[llvm] r330257 - [AMDGPU] Fix issues for backend divergence tracking

Wed Apr 18 06:53:31 PDT 2018

Author: dstuttard
Date: Wed Apr 18 06:53:31 2018
New Revision: 330257

URL: http://llvm.org/viewvc/llvm-project?rev=330257&view=rev
Log:
[AMDGPU] Fix issues for backend divergence tracking

Summary:
A change to use divergence analysis in the AMDGPU backend was getting formal
arguments incorrect (not tagged as divergent) unless they were VGPR0, VGPR1 or
VGPR2

For graphics shaders it is possible to have more than these passed in as VGPR

Modified the checking code to check for any VGPR registers passed in as formal
arguments.

Also, some intrinsics that are sources of divergence may have been lowered
during instruction selection and are missed on subsequent calls to
isSDNodeSourceOfDivergence - added the relevant AMDGPUISD checks as well.

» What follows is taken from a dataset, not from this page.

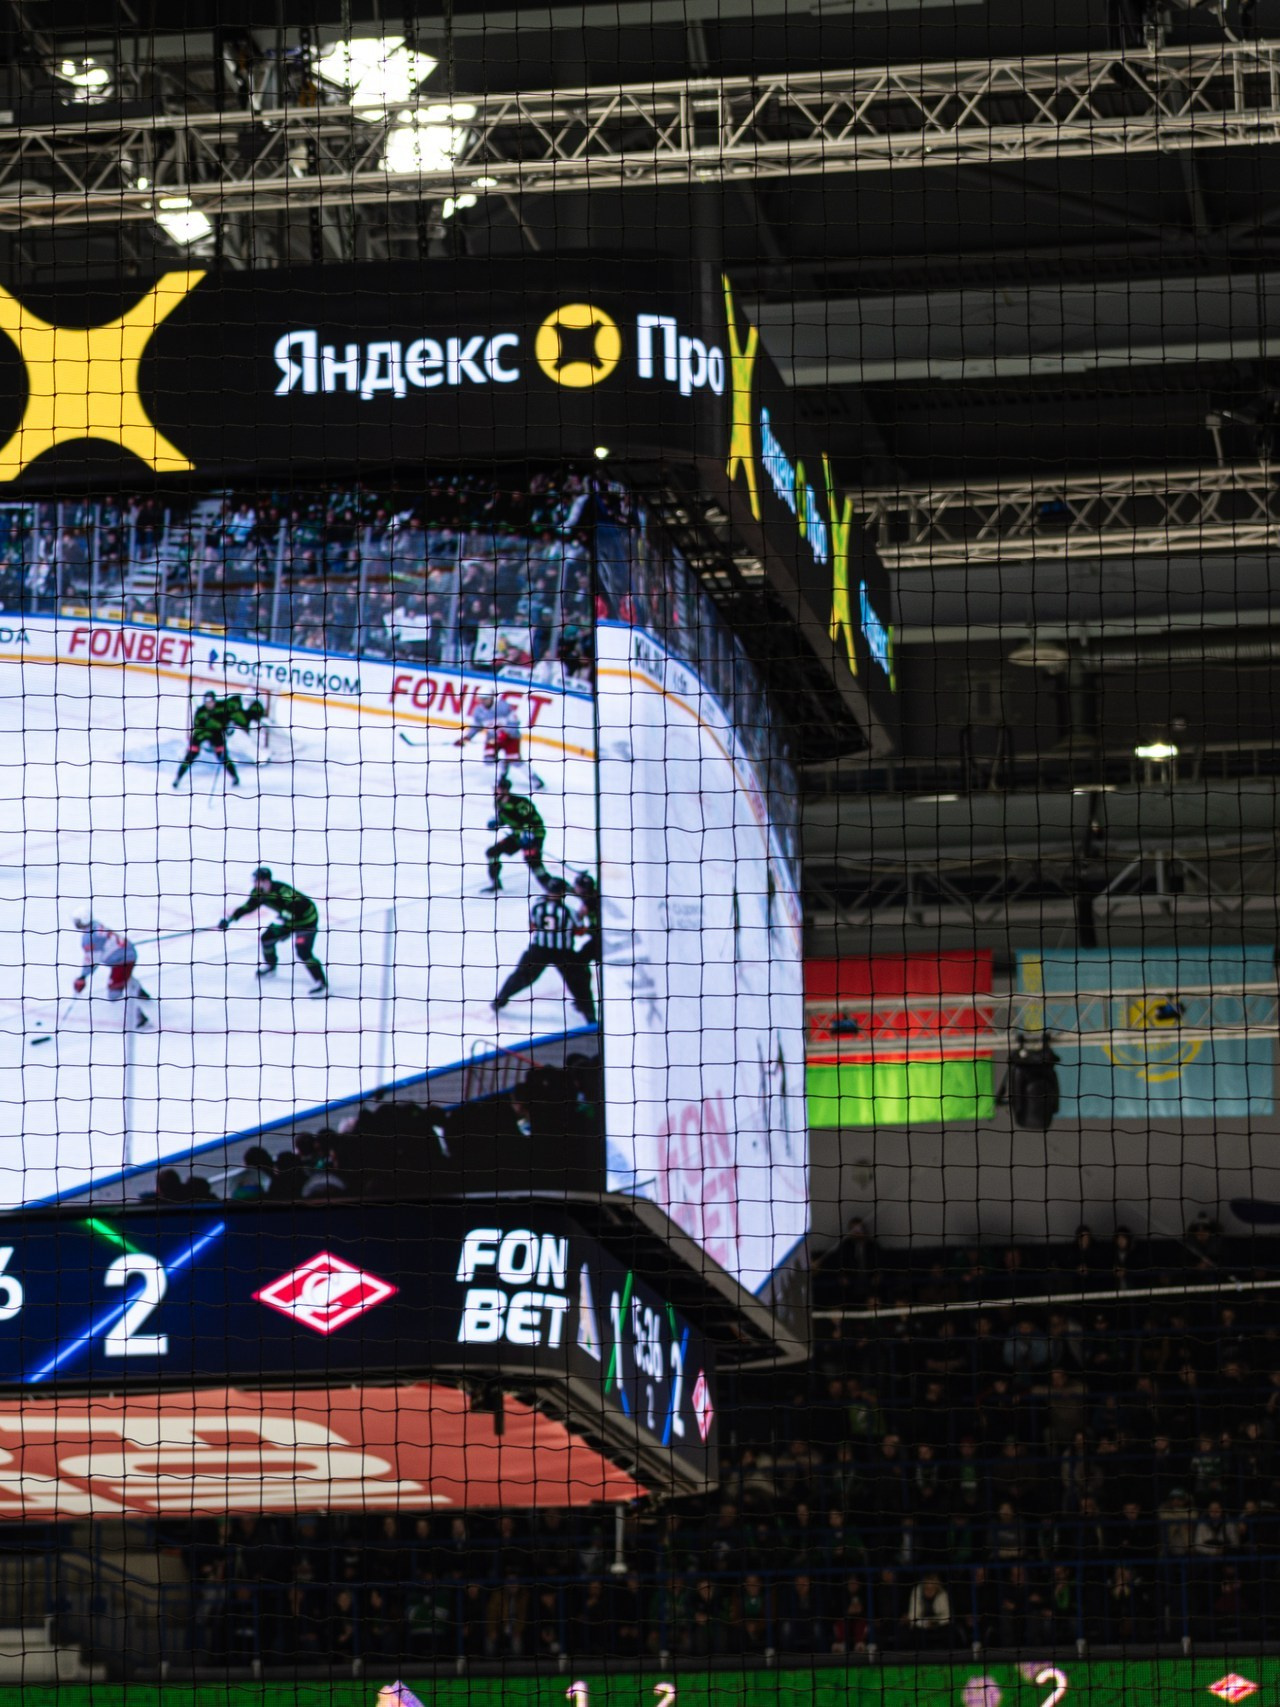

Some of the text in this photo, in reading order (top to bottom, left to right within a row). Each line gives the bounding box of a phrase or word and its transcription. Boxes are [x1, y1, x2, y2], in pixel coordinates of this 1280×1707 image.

Finally, the FunctionLoweringInfo tracks virtual registers that are live across
basic block boundaries. This is used to check for divergence of CopyFromRegister
registers using the DivergenceAnalysis analysis. For multiple blocks the lazily
evaluated inverted map VirtReg2Value was not cleared when the ValueMap map was.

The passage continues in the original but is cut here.